You know I don't believe in feelings, but last night I just had a feeling.

Matt

12:58 PM  
Anonymous Anonymous said...

Took u long enough.

Shane

1:51 PM  
Blogger Jorgen said...

Congrats!

2:00 PM  
Blogger Shelly said...

Congratulations!

2:10 PM  
Anonymous Roswell said...

JAAA! JAAA! I think some celebrating like Matthais Anderson is in order.

4:42 PM  
Anonymous Ryan said...

I don't want to sound like a broken record, but congratulations as well. Looking forward to reading some entries from the Series.

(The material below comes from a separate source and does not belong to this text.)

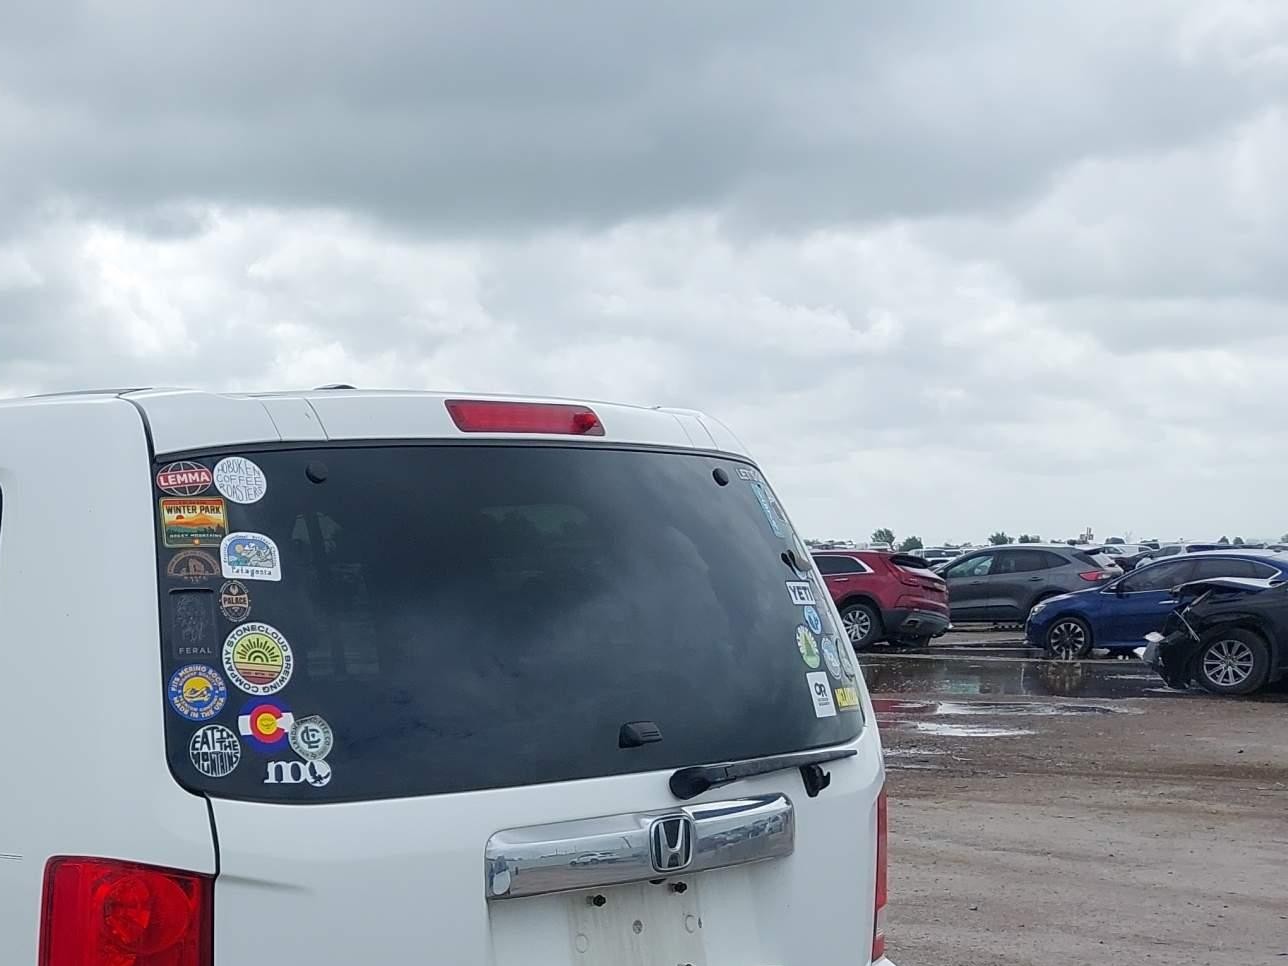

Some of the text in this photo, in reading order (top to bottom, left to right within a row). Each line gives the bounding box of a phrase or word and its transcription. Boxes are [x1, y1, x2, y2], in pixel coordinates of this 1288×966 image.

A question I wanted to ask, do you only use PokerTracker for tracking your wins and losses or use something else as well? I use an index card at first, PokerTracker for hands and stuff, and PokerCharts to keep track of all the sessions I write down. PokerTracker is great but it doesn't keep track of sessions at unsupported sites (I play Crypto MTTs often). I'm starting to realize 2-tabling the 1/2 games that keeping track of my in/out times and money won this way may start getting to be a pain.

12:54 AM  
Blogger Chris Fargis said...

I use Pokertracker for analyzing hand performance, win rate, and a lot of opponent analysis, which I think is the best use for it.

For in/out times and money won, why not just write down the time you start and starting money in your account with and do the math at the end of your session?

1:08 AM  
Blogger Dr. Pauly said...

Congrats, dude. Hope you can give me an exclusive interview if you win. See you in Vegas.